Less than a week after announcing disappointing 4th quarter results, Google has started trimming jobs in Canada as well. The job cuts, which are part of a 12,000 person downsizing announced in January, began to take effect last month, company spokesperson Lauren Skelly confirmed via email.

While Skelly wouldn’t comment on the size or location of the cuts in Canada, it appeared that many of the job losses were in the Kitchener Waterloo area and involved people who had worked on the company’s now shuttered cloud based video game service, Stadia, judging by postings on LinkedIn and other social media sites.

Within days of Pichai’s announcement, Google shared that it would close the Edmonton office owned by its artificial intelligence subsidiary DeepMind. The U.K. headquartered subsidiary plans to consolidate its remaining operations, but maintain its Montreal and Toronto offices, which are located within Google managed buildings

There is no doubt that rolling out mass layoffs at a large, multinational corporation like Google is extremely difficult and carries its own risks. Laid off employees can look for revenge, steal data, etc. Yet, “unplugged” employees who spent their entire careers with the company in the middle of the night, is as cruel as it gets.

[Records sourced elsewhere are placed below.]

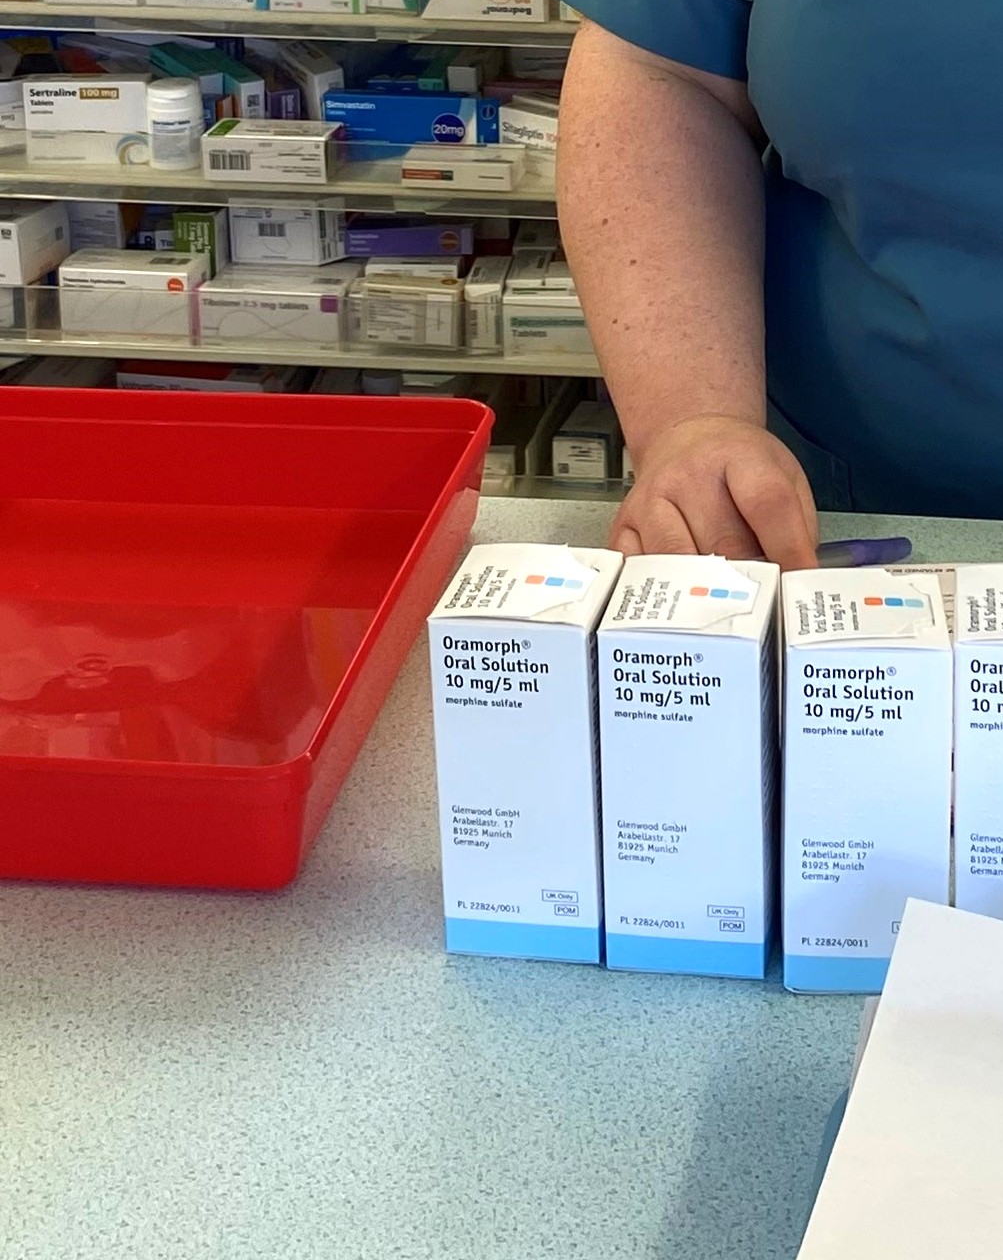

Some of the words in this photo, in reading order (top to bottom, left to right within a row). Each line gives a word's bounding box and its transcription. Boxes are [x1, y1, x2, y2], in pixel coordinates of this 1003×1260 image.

[29, 88, 77, 98] Sertraline
[82, 88, 98, 97] 100
[100, 89, 118, 99] mg
[326, 100, 376, 110] Simvastatin
[433, 124, 465, 136] 20mg
[443, 636, 531, 655] Oramorph®
[444, 656, 476, 671] Oral
[481, 657, 549, 674] Solution
[613, 648, 704, 667] Oramorph®
[614, 668, 646, 684] Oral
[652, 670, 721, 688] Solution
[803, 664, 897, 682] Oramorph®
[446, 673, 464, 688] 10
[470, 676, 512, 693] mg/5
[519, 679, 539, 693] ml
[615, 688, 633, 702] 10
[640, 690, 684, 707] mg/5
[690, 692, 710, 706] ml
[803, 684, 837, 700] Oral
[843, 685, 914, 702] Solution
[446, 697, 489, 709] morphine
[491, 698, 522, 709] sulfate
[971, 698, 990, 713] 10
[614, 710, 658, 722] morphine
[661, 713, 693, 723] sulfate
[804, 703, 823, 718] 10
[830, 704, 874, 722] mg/5
[882, 705, 903, 721] ml
[803, 727, 848, 738] morphine
[851, 726, 884, 738] sulfate
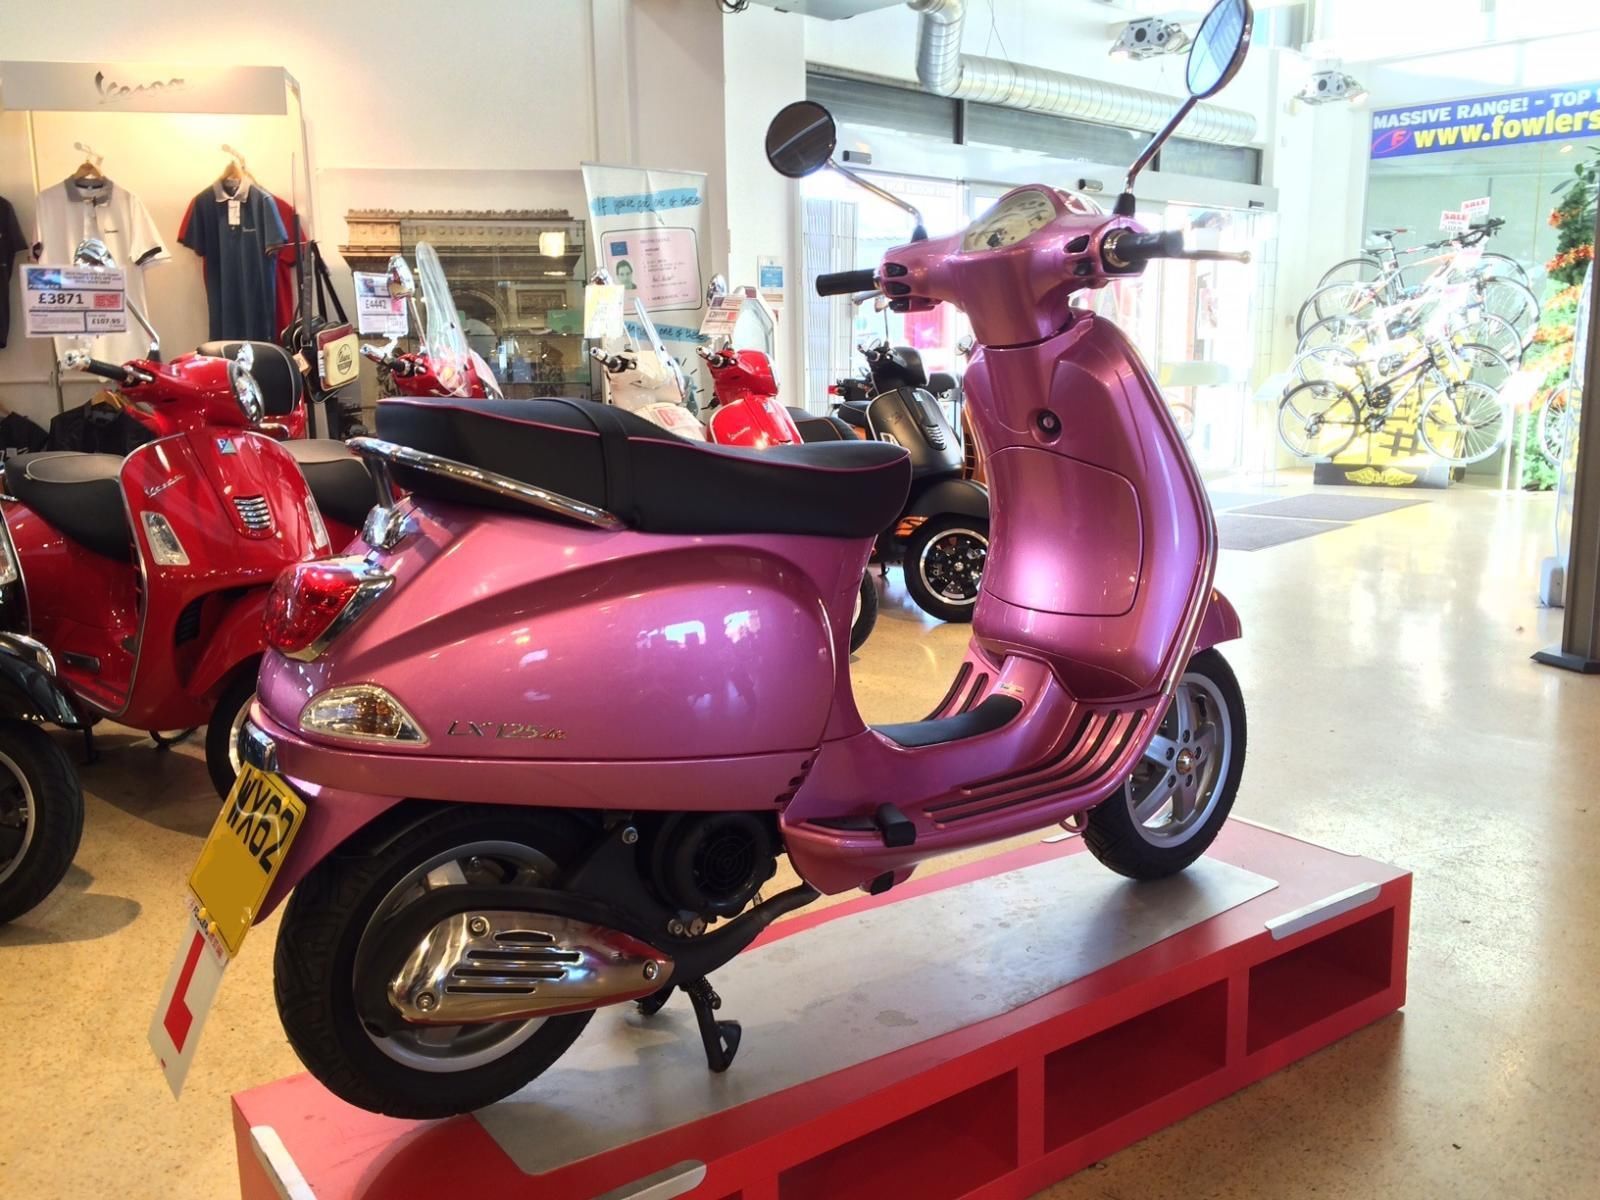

This is all the more depressing when it occurs at a company whose mottos for the longest time have been “don’t do evil” and “do the right thing.”

Here is a short quote from Google’s old code of conduct where the company elaborates on the motto of “don’t do evil”: “Trust and mutual respect among employees and users are the foundation of our success, and are something we need to earn every day.” It feels like a joke in today’s context. Why was it so urgent for CEO Sundar Pinchai – who received total compensation on $294.3 million over the past three years – to fire 12,000 people now when the company has $116 billion in cash?

Couldn’t the CEO who brags about how a “healthy disregard for the impossible is core to our culture” come up with a better solution?

Maybe give employees who underperform a warning first? How about an overall pay cut across the board of say, 5%? (The median salary at Google is about $300,000.) That would have resulted in similar payroll savings and all employees could have kept their jobs

Hedge fund managers may be thrilled by the cost cutting at Google, but the destruction of trust it entailed could backfire. Googlers (as well as Amzonians, Metamates, etc.) will realize that no one really cares about them. They might work a bit harder for fear of being next on the chopping block, but their hearts are already elsewhere.

And when the time is right, they will be opportunistic themselves and walk out the door.